== Segment start ==
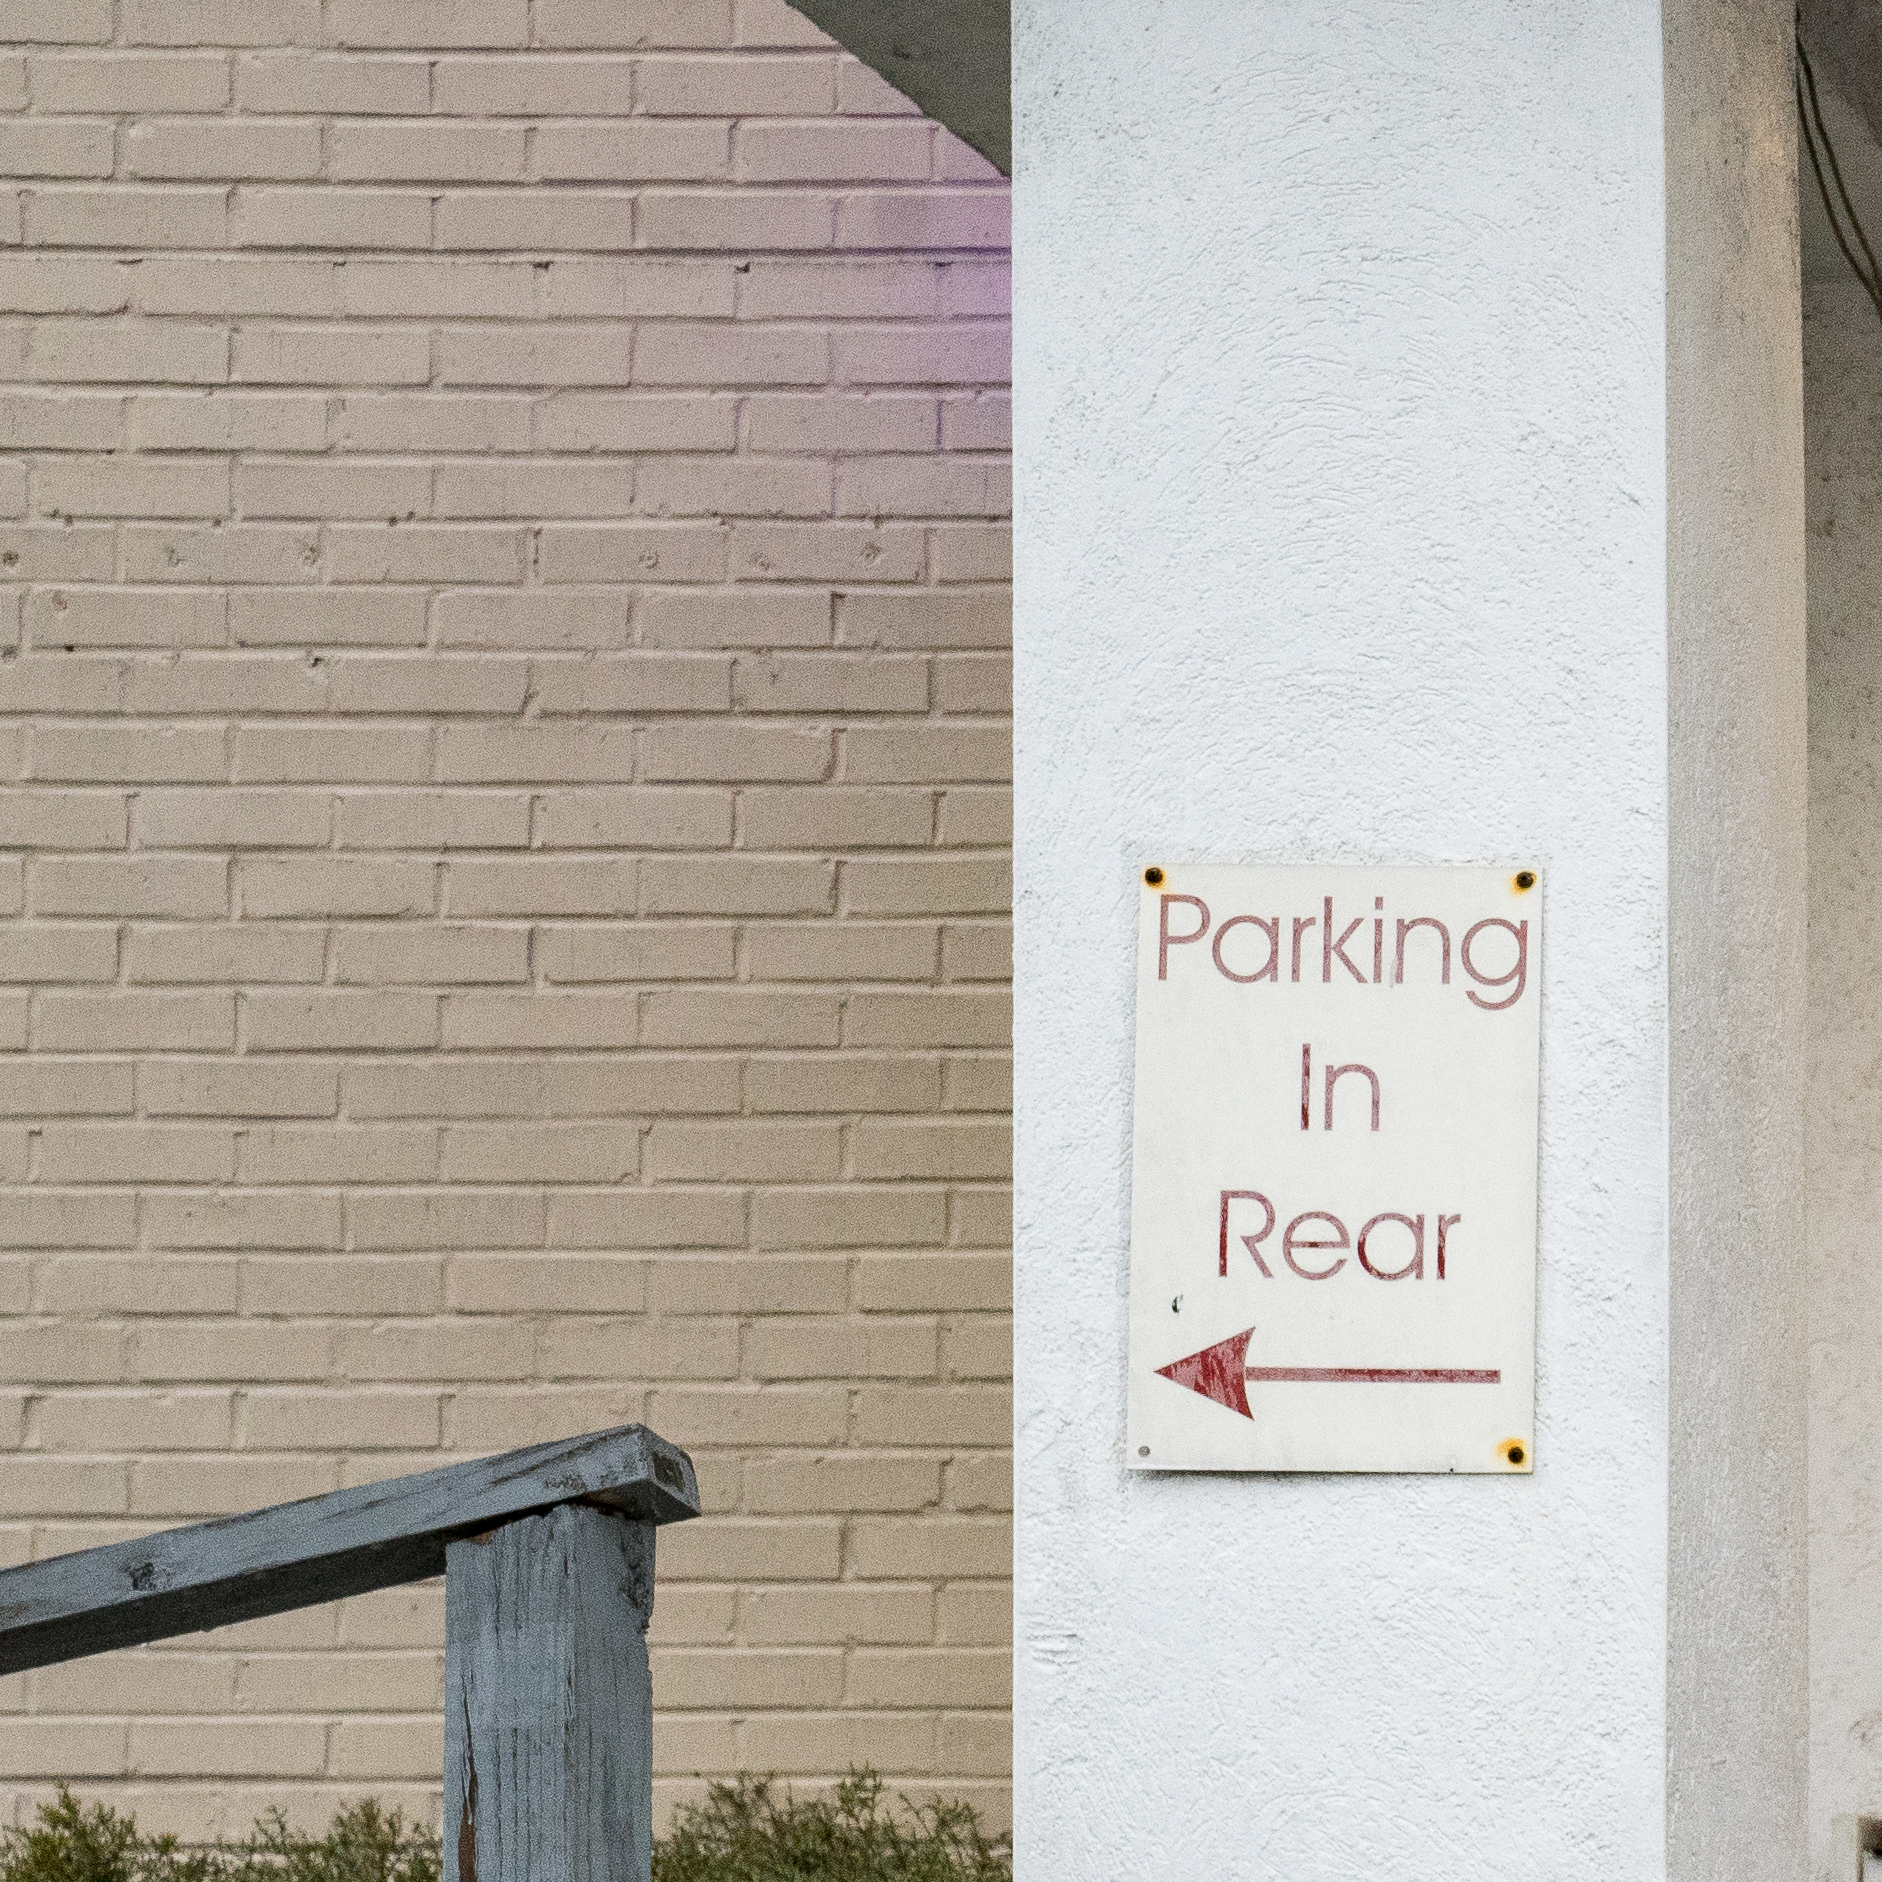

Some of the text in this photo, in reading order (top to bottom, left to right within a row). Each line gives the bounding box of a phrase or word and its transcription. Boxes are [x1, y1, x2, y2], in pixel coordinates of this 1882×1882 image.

[1157, 893, 1530, 1011] Parking
[1300, 1043, 1381, 1132] In
[1217, 1189, 1462, 1281] Rear
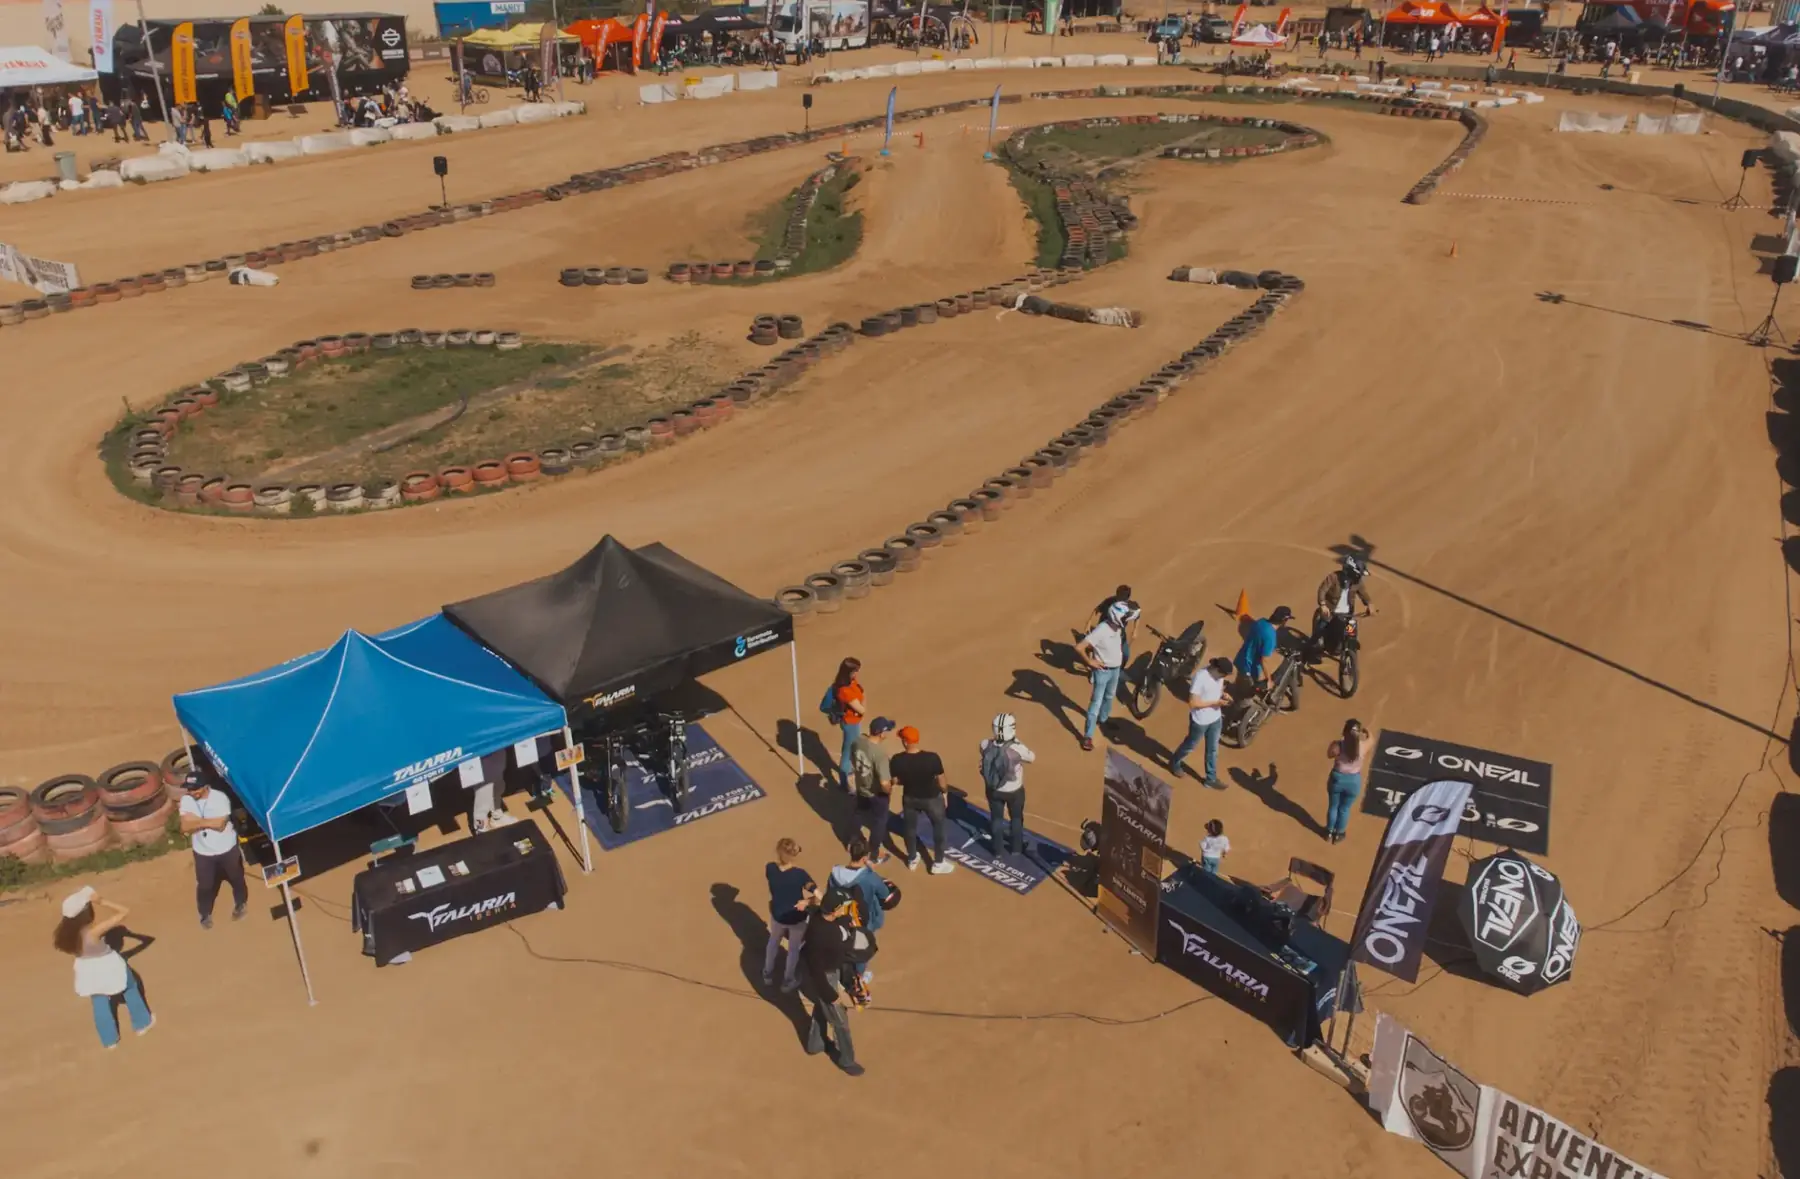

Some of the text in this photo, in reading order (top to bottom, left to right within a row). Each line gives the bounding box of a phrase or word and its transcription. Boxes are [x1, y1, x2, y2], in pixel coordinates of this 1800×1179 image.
== Segment end ==
:: To do ::
Repeat all the material exactly, but keep pictures out of the copy.

:: Your solution ::
Some of the text in this photo, in reading order (top to bottom, left to right within a row). Each line gives the bounding box of a phrase or word and its transcription. Boxes are [x1, y1, x2, y2], in pixel coordinates of this 1882×1882 image.

[1157, 893, 1530, 1011] Parking
[1300, 1043, 1381, 1132] In
[1217, 1189, 1462, 1281] Rear

Some of the text in this photo, in reading order (top to bottom, left to right within a row). Each line gives the bounding box of a phrase or word and its transcription. Boxes are [x1, y1, x2, y2], in pixel coordinates of this 1800×1179 image.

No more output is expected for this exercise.